Why is everything "jolla-tablet"? I thought it is SailfishOS... the then two devices should behave the same, software-wise.

chemist ( 2014-12-03 17:54:21 +0300 )edit
10

The answer: inidiviual pay for exfat. People who wants to use it, can use it. You can push it to Sailfish just as the optional update(1.1.x) before. Pay Jolla, Jolla flips the switch and a system-update comes in, with exfat.

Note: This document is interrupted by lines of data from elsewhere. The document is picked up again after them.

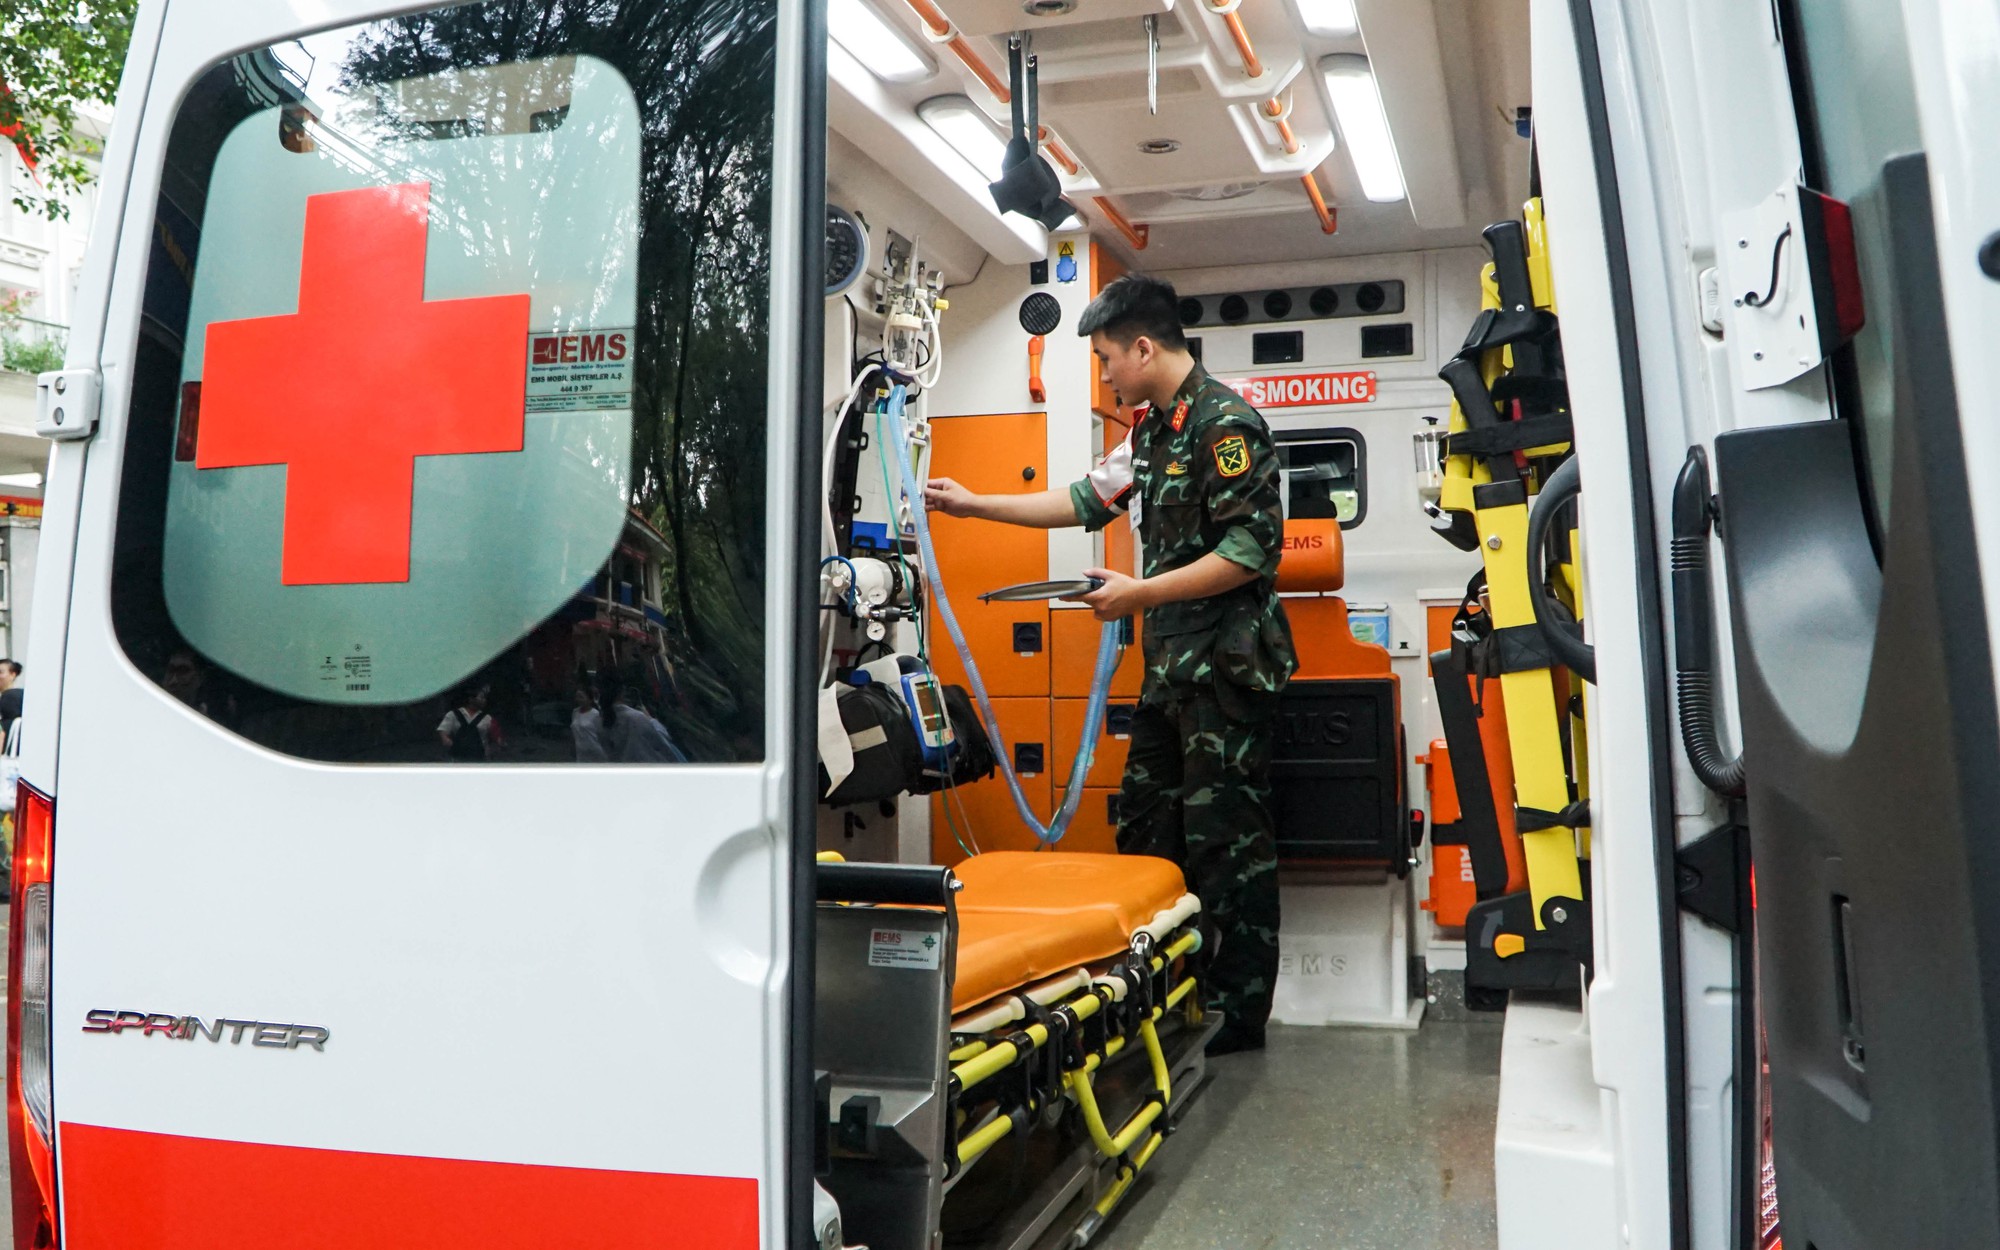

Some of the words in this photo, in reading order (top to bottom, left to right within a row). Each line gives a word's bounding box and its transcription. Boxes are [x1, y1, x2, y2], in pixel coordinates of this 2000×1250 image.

[560, 333, 626, 363] EMS
[1251, 376, 1367, 403] SMOKING
[1282, 535, 1323, 550] EMS
[882, 932, 902, 943] EMS
[1279, 954, 1347, 976] EMS
[82, 1008, 331, 1051] SPRINTER
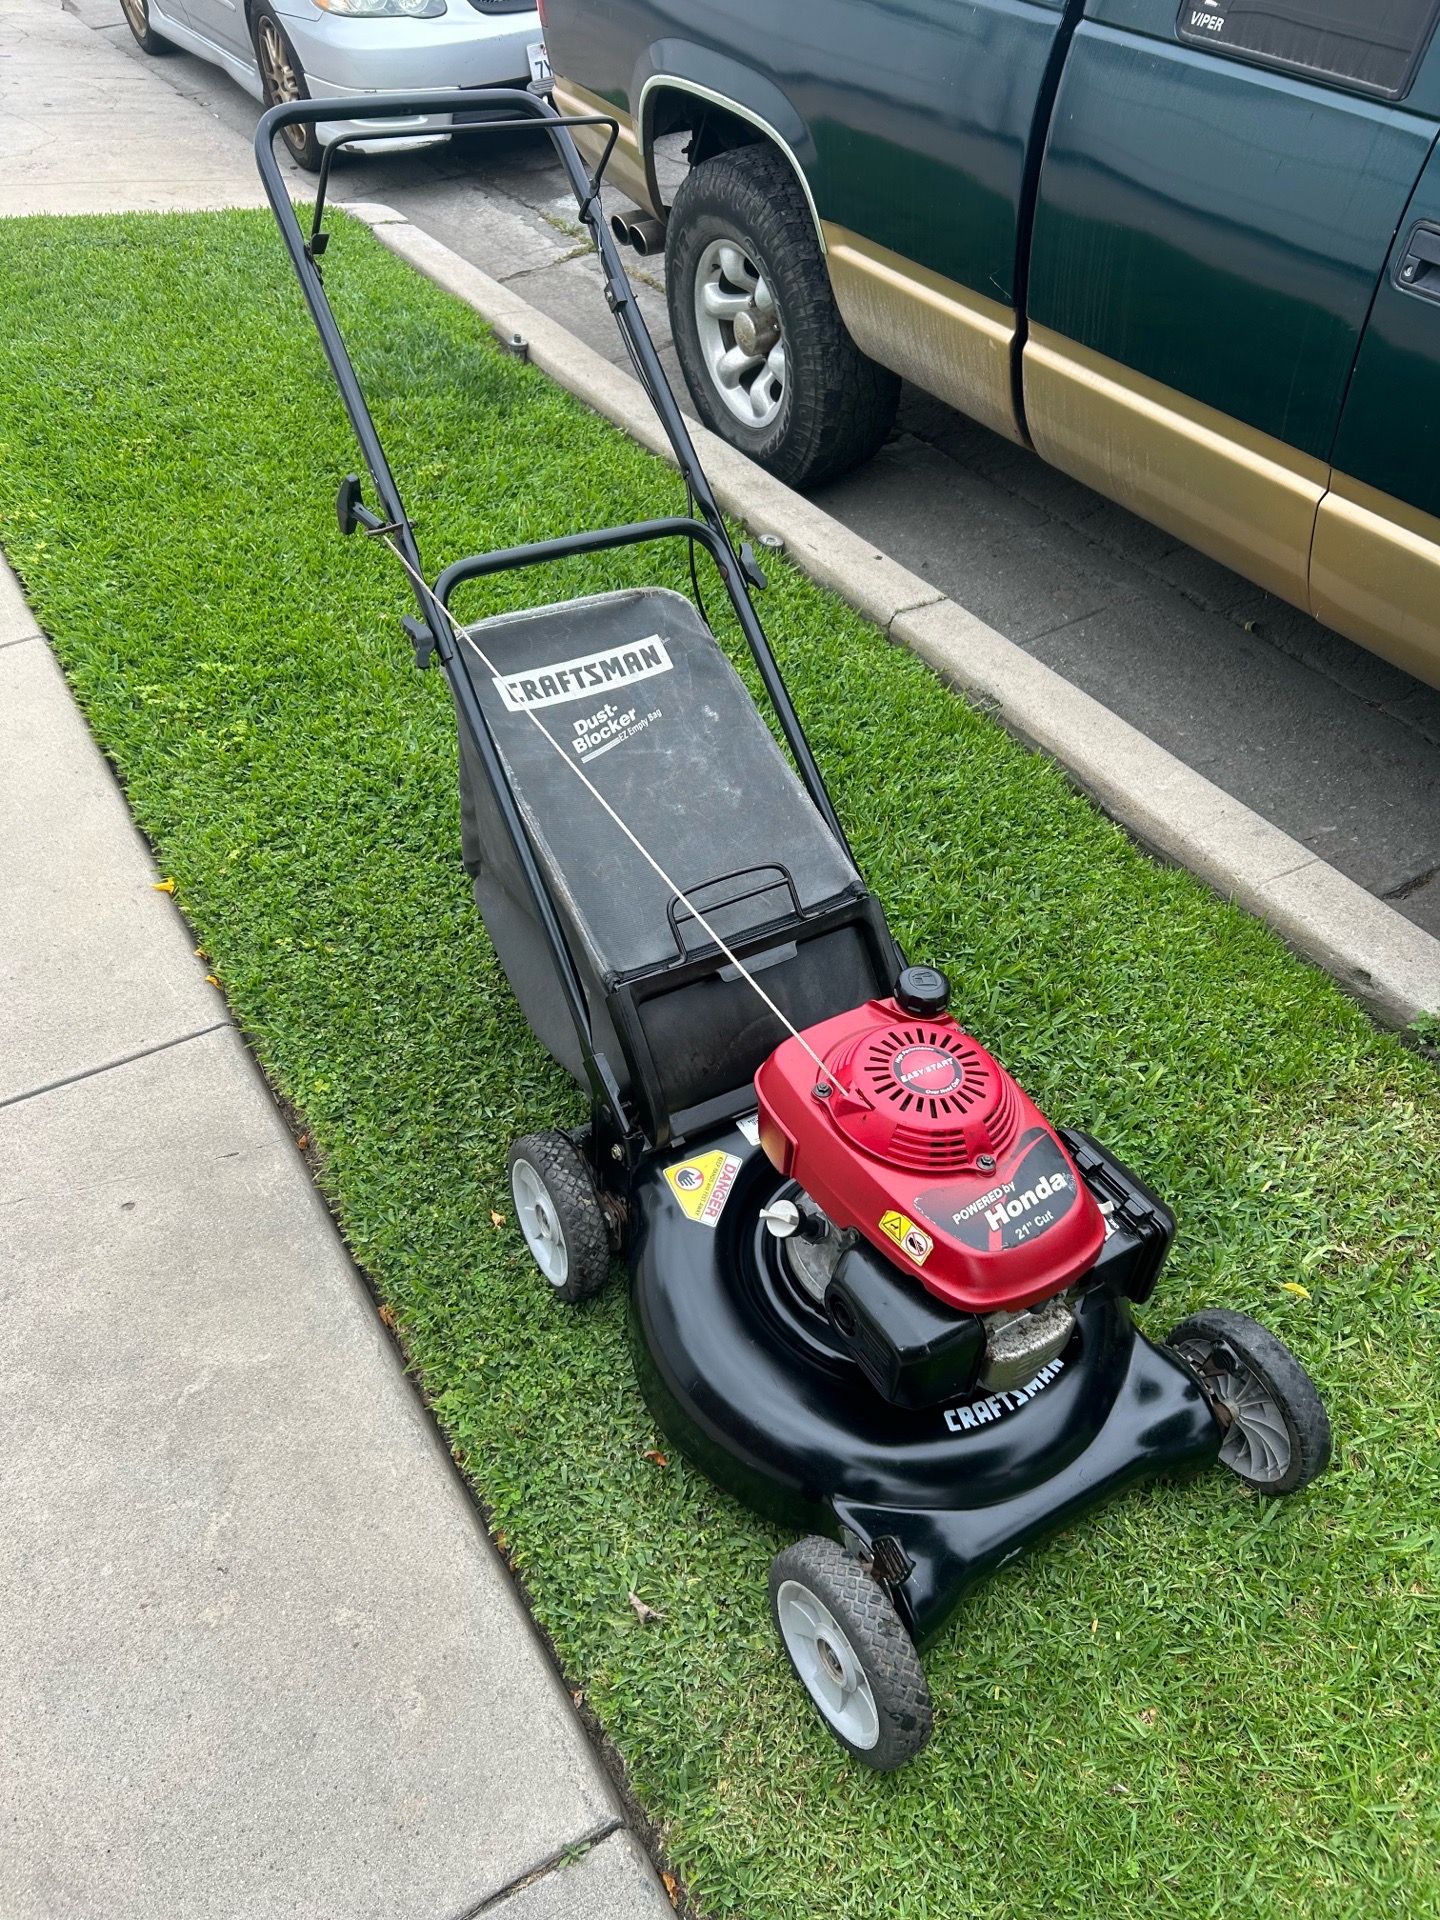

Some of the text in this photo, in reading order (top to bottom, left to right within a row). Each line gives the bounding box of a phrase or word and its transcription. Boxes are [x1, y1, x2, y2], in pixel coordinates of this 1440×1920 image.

[1191, 11, 1225, 31] VIPER
[505, 644, 662, 703] CRAFTSMAN
[571, 707, 636, 754] Blocker
[573, 703, 618, 736] Dust-
[618, 708, 663, 742] EZ Empty Bag
[901, 1058, 953, 1083] EASY START
[705, 1164, 736, 1217] DANGER
[952, 1181, 1016, 1226] POWERED by
[984, 1172, 1068, 1232] Honda
[1014, 1209, 1055, 1241] 21" Cut
[943, 1358, 1065, 1432] CRAFTSMAN

RobNas ( 2014-12-03 18:14:58 +0300 )edit
6

As a general note: here's the chance to affect something better being supported for open file systems under SailfishOS. Exclude X from device isn't something doing that. Things like, export your files as ext3 over USB, multi-partition support in the device, enablement of swap if existing in file system table, selections in dialogs of ext4/btrfs/ZFS/what do you have, .. even NFS. It's a good time to get creative.

Stskeeps ( 2014-12-03 21:48:49 +0300 )edit
3

Reading Stskeeps's comment it may be better to retitle the poll and not restrict it to file system support "on SD card" as the tablet has USB host mode and file system support is also essential for devices which are attached to the USB port or connected over the network.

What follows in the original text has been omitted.